Позднее, в тот первый год моей аспирантуры в детской психиатрии, Сара с семьей переехала в квартиру, расположенную ближе к медицинскому центру, в двадцати минутах поездки на автобусе. Опоздания прекратились. Больше не было никакого «сопротивления терапии». Мы продолжали встречаться раз в неделю.


Мудрые наставления доктора Дируда продолжали раскрепощать мое сознание. Как и другие учителя, клиницисты и исследователи, которые вдохновляли меня, он поощрял вдумчивость, пытливость и любознательность, но самое главное, – он наделил меня мужеством сомневаться в существующих убеждениях. По кусочкам собирая знания от каждого из моих наставников, я начал разрабатывать терапевтический подход, нацеленный на объяснение эмоциональных и поведенческих проблем как симптомов дисфункции мозга.
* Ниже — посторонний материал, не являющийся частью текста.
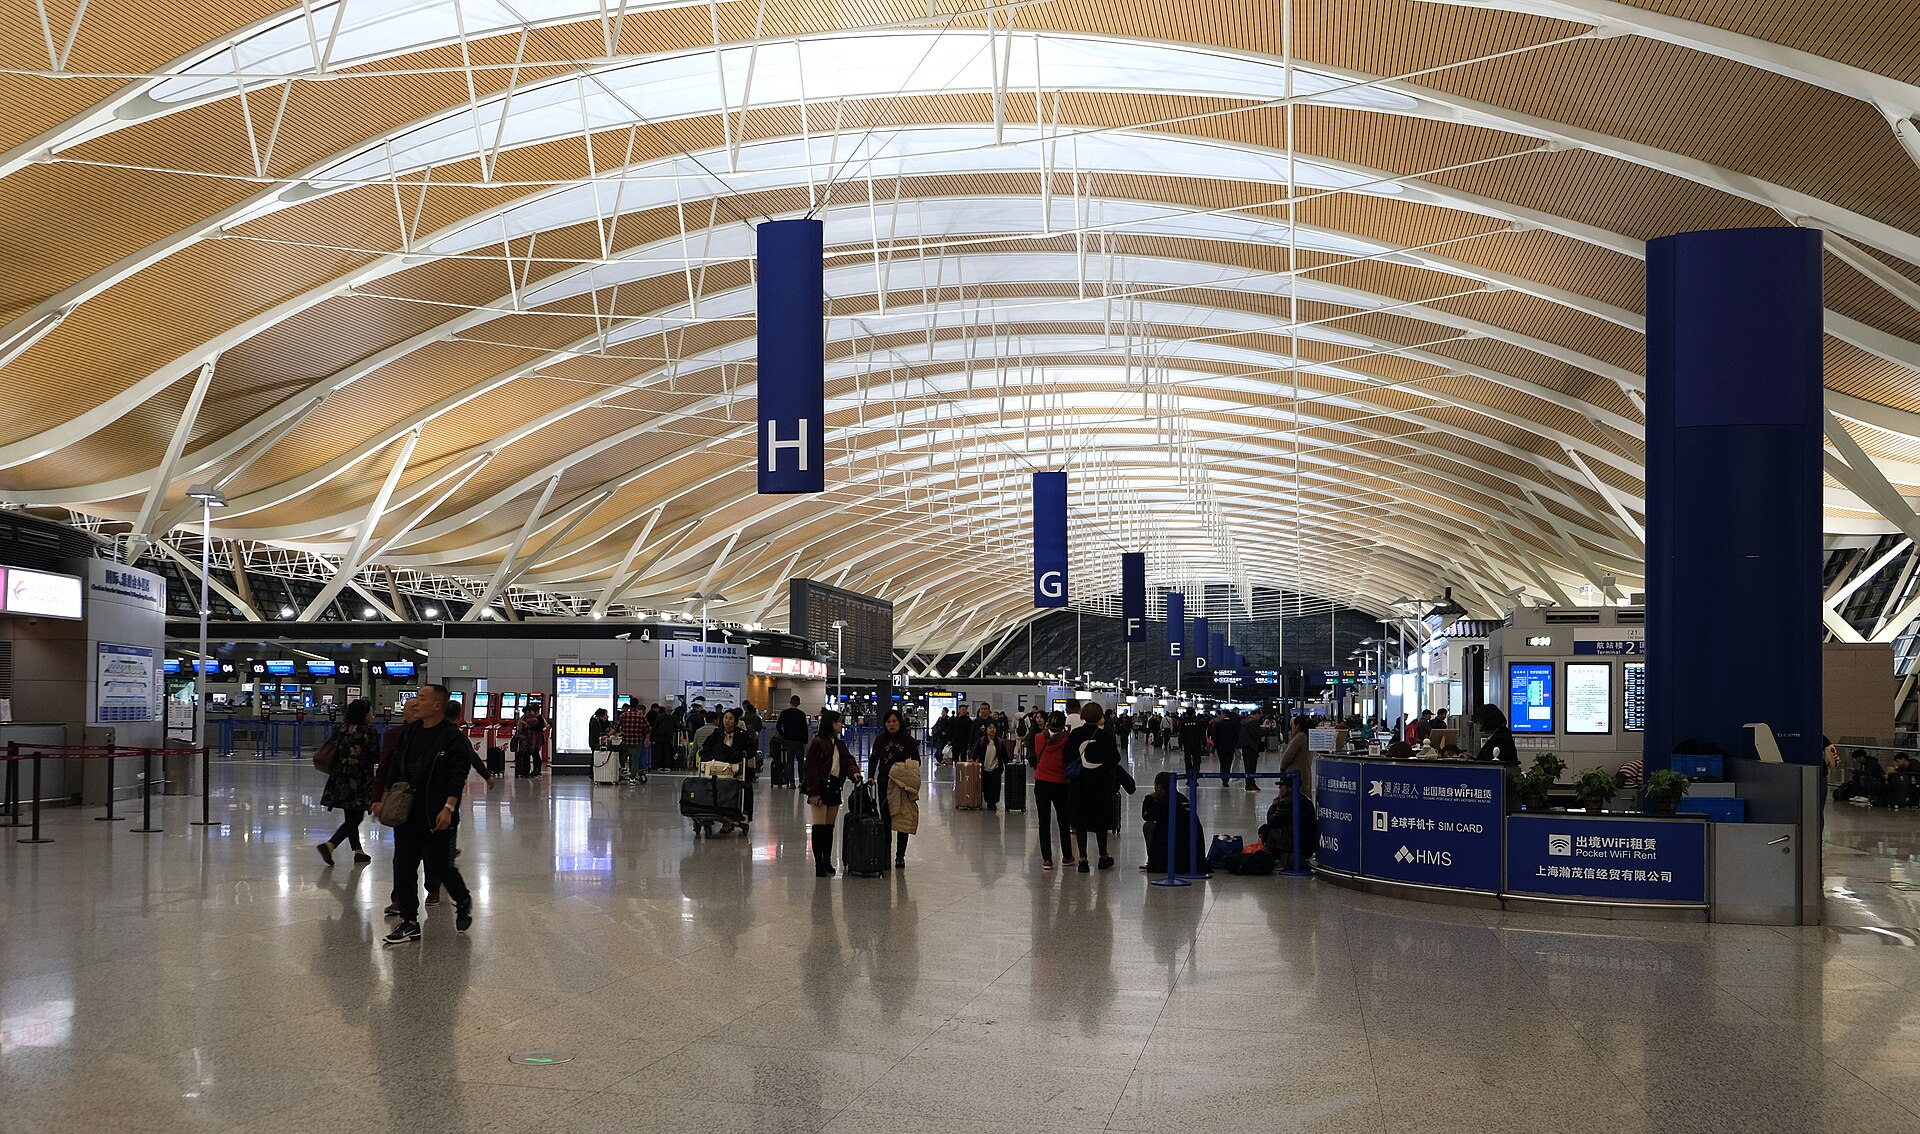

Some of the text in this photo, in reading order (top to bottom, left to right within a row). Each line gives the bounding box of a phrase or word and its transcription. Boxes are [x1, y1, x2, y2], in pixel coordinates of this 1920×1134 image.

[767, 418, 808, 472] H
[1039, 570, 1062, 598] G
[1127, 617, 1140, 636] F
[664, 643, 675, 658] H
[1170, 642, 1181, 656] E
[1625, 641, 1635, 655] 2
[222, 664, 234, 673] 04
[253, 664, 265, 673] 03
[339, 665, 350, 674] 02
[556, 665, 565, 675] H
[1196, 657, 1206, 669] D
[372, 666, 383, 675] 01
[1390, 815, 1483, 834] 全球手机卡 SIM CARD
[1575, 835, 1657, 851] 出境WiFi租赁
[1416, 849, 1452, 867] HMS
[1575, 848, 1657, 860] Pocket WiFi Rent
[1535, 865, 1673, 883] 上海瀚茂信经贸有限公司
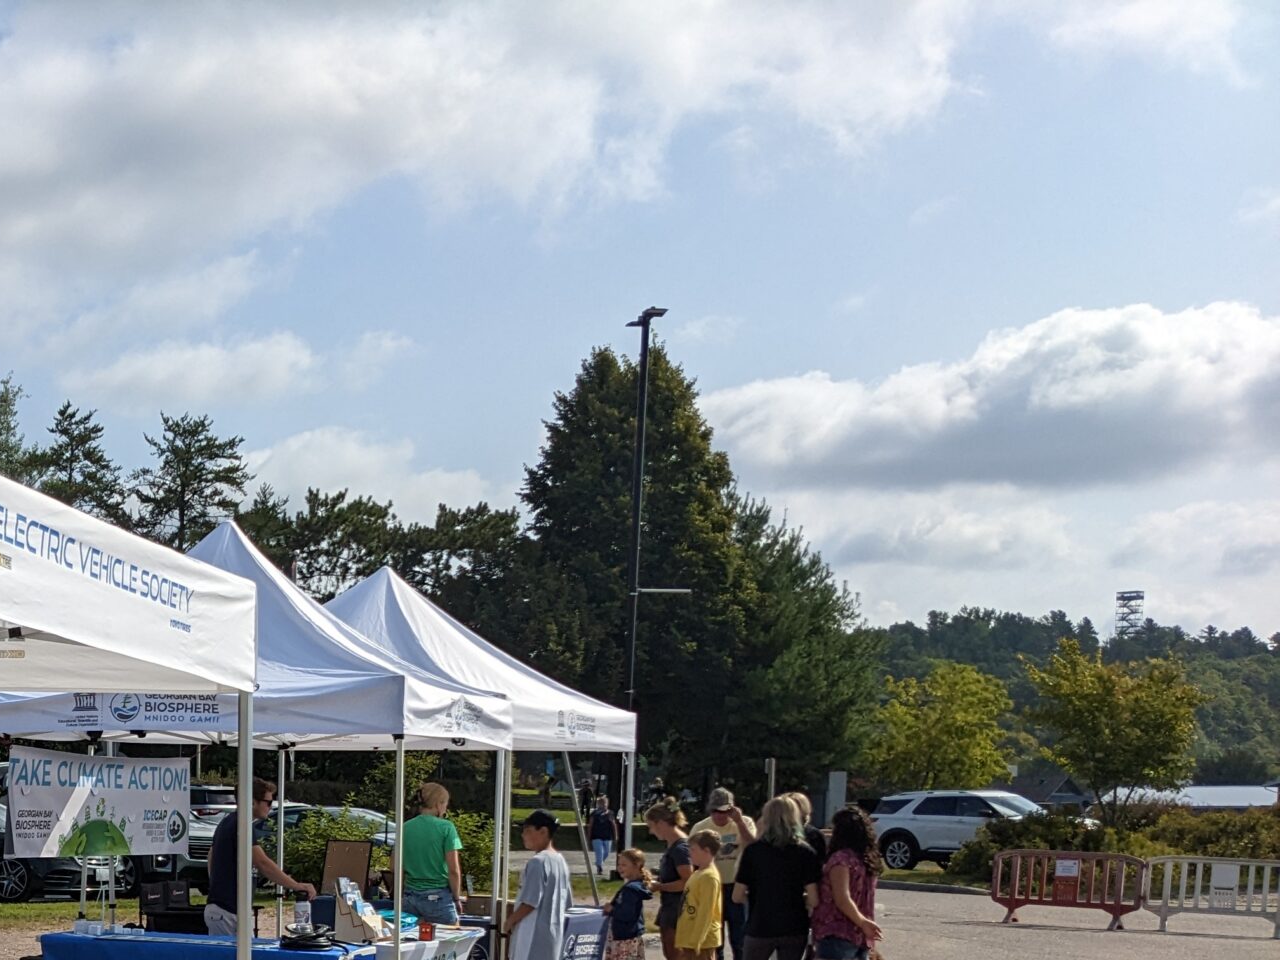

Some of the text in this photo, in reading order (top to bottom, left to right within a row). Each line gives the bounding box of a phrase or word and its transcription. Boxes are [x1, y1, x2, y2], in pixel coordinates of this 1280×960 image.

В 1987 году детская психиатрия еще не подружилась с неврологией. Фактически бурный рост исследований мозга и развития мозговой функции, который начался в середине 1980-х годов и стал огромным в 1990-х годах, названных «десятилетием мозга», тогда еще не оказывал влияния на клиническую практику. Наоборот, многие психологи и психиатры находились в активной оппозиции к перспективе биологических исследований поведения людей. Такой подход считался механистическим и унижающим человеческое достоинство. Как будто редукция поведения к биологическим аналогам неизбежно означала, что все обусловлено генами без какой-либо возможности свободы воли, творчества или учета внешних факторов, таких как бедность. Эволюционные идеи осуждались еще сильнее и рассматривались отсталые расистские и сексистские теории, которые оправдывали существующее положение вещей и низводили человеческие поступки до животных побуждений.

Поскольку тогда я лишь приступил к работе в детской психиатрии, то еще не доверял своей способности думать независимо, здраво осмысливать и точно интерпретировать увиденное. Как мои соображения могли быть правильными, если никто из уважаемых психиатров, ученых светил и моих наставников не говорил о таких вещах и не учил ничему подобному?